Saved data entries:
*** Block opens ***
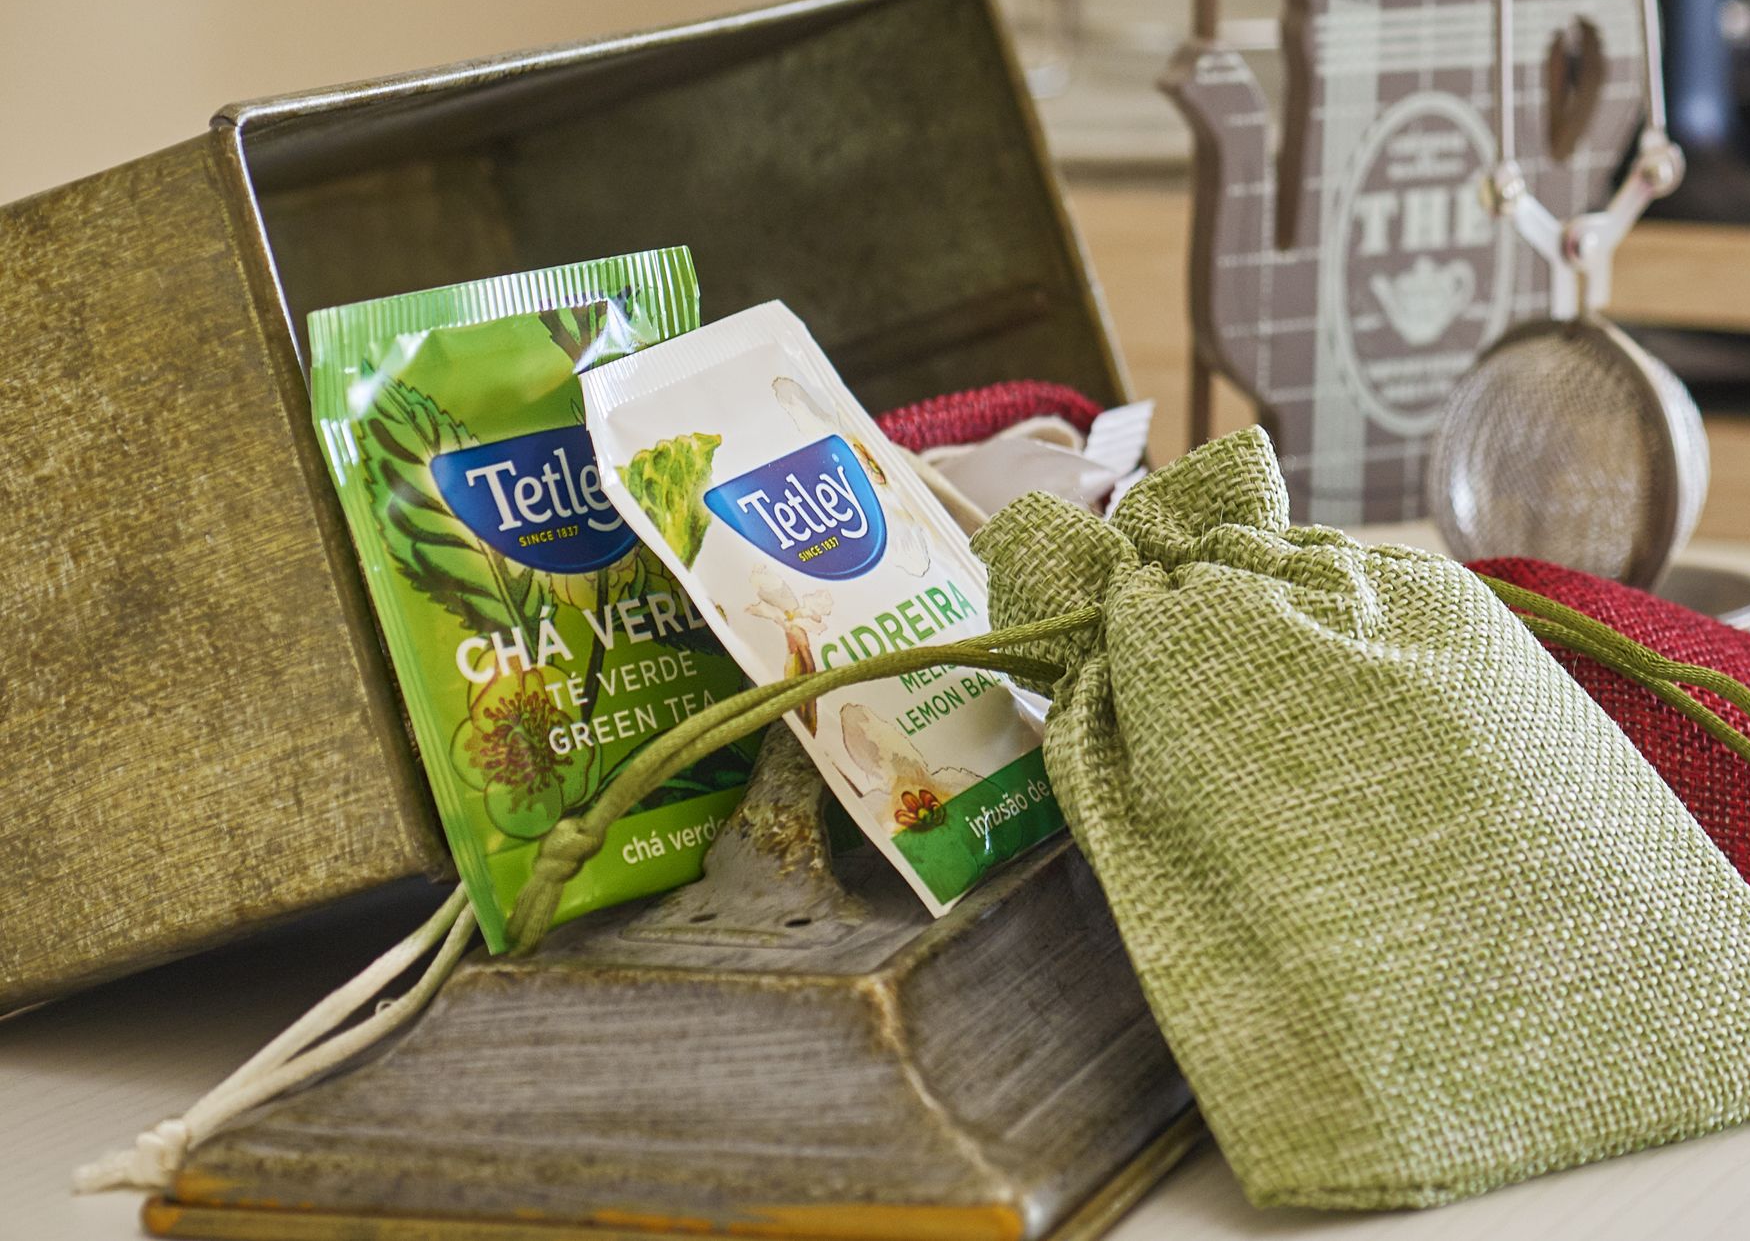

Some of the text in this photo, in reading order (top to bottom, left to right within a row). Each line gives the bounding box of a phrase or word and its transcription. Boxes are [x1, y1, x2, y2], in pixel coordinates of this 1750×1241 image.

[736, 465, 869, 550] Tetley
[518, 525, 579, 547] SINCE 1837
[799, 536, 840, 561] SINCE 1837
[456, 605, 574, 684] CHÁ
[820, 579, 978, 671] CIDREIRA
[545, 650, 698, 710] TÉ VERDE
[549, 704, 657, 755] GREEN
[895, 686, 966, 736] LEMON
[1027, 779, 1050, 802] de
[622, 830, 666, 865] chá
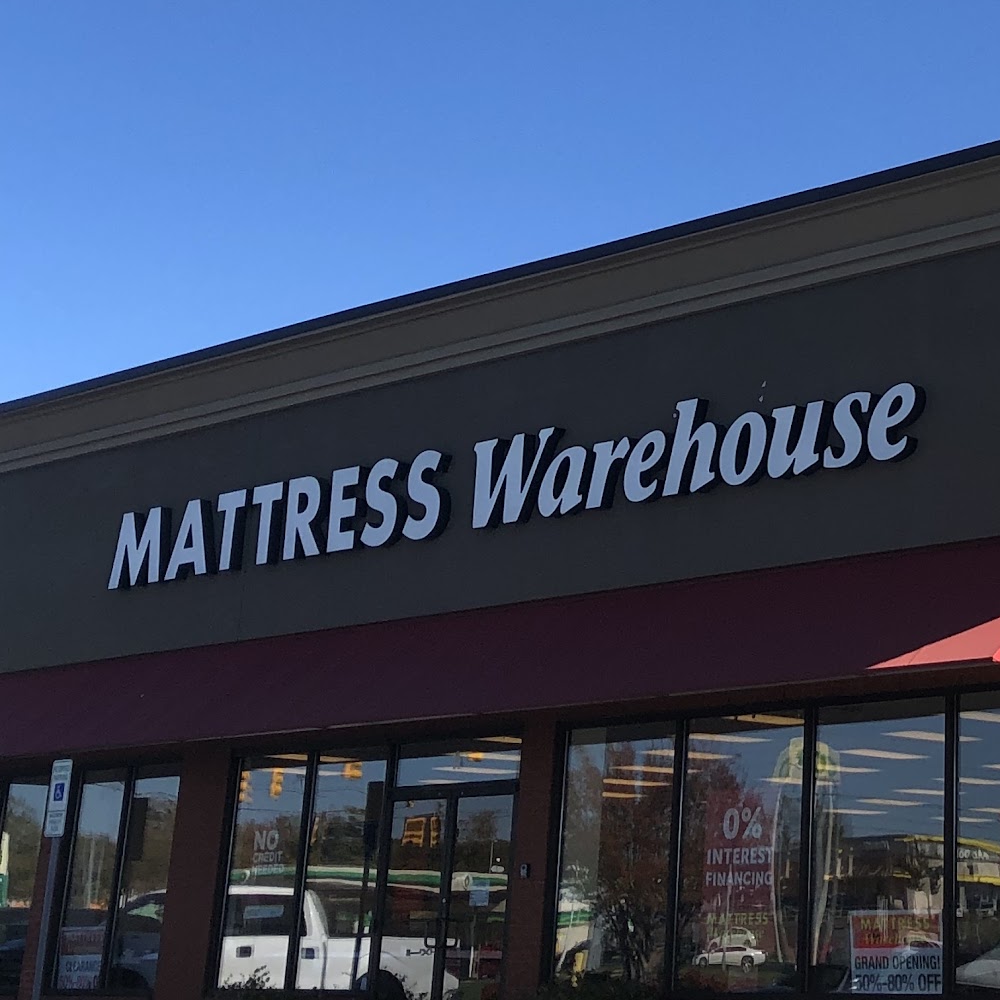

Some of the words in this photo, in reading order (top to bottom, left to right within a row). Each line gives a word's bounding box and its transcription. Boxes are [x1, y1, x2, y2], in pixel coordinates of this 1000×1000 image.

[107, 449, 447, 590] MATTRESS
[472, 381, 918, 529] Warehouse
[722, 806, 763, 840] 0%
[253, 829, 280, 850] NO
[252, 850, 283, 864] CREDIT
[706, 846, 773, 866] INTEREST
[251, 863, 285, 876] NEEDED
[705, 870, 774, 888] FINANCING
[854, 955, 890, 970] GRAND
[892, 954, 941, 970] OPENING!
[855, 973, 915, 992] 50%-80%
[917, 973, 941, 992] OFF
*** Block closes ***
--- Instructions for the task ---
Would you retype the lines of the data above, from the one holding "Some of the words" through its final line, exactly and without adding any other line?

--- Written answer ---
Some of the words in this photo, in reading order (top to bottom, left to right within a row). Each line gives a word's bounding box and its transcription. Boxes are [x1, y1, x2, y2], in pixel coordinates of this 1000×1000 image.

[107, 449, 447, 590] MATTRESS
[472, 381, 918, 529] Warehouse
[722, 806, 763, 840] 0%
[253, 829, 280, 850] NO
[252, 850, 283, 864] CREDIT
[706, 846, 773, 866] INTEREST
[251, 863, 285, 876] NEEDED
[705, 870, 774, 888] FINANCING
[854, 955, 890, 970] GRAND
[892, 954, 941, 970] OPENING!
[855, 973, 915, 992] 50%-80%
[917, 973, 941, 992] OFF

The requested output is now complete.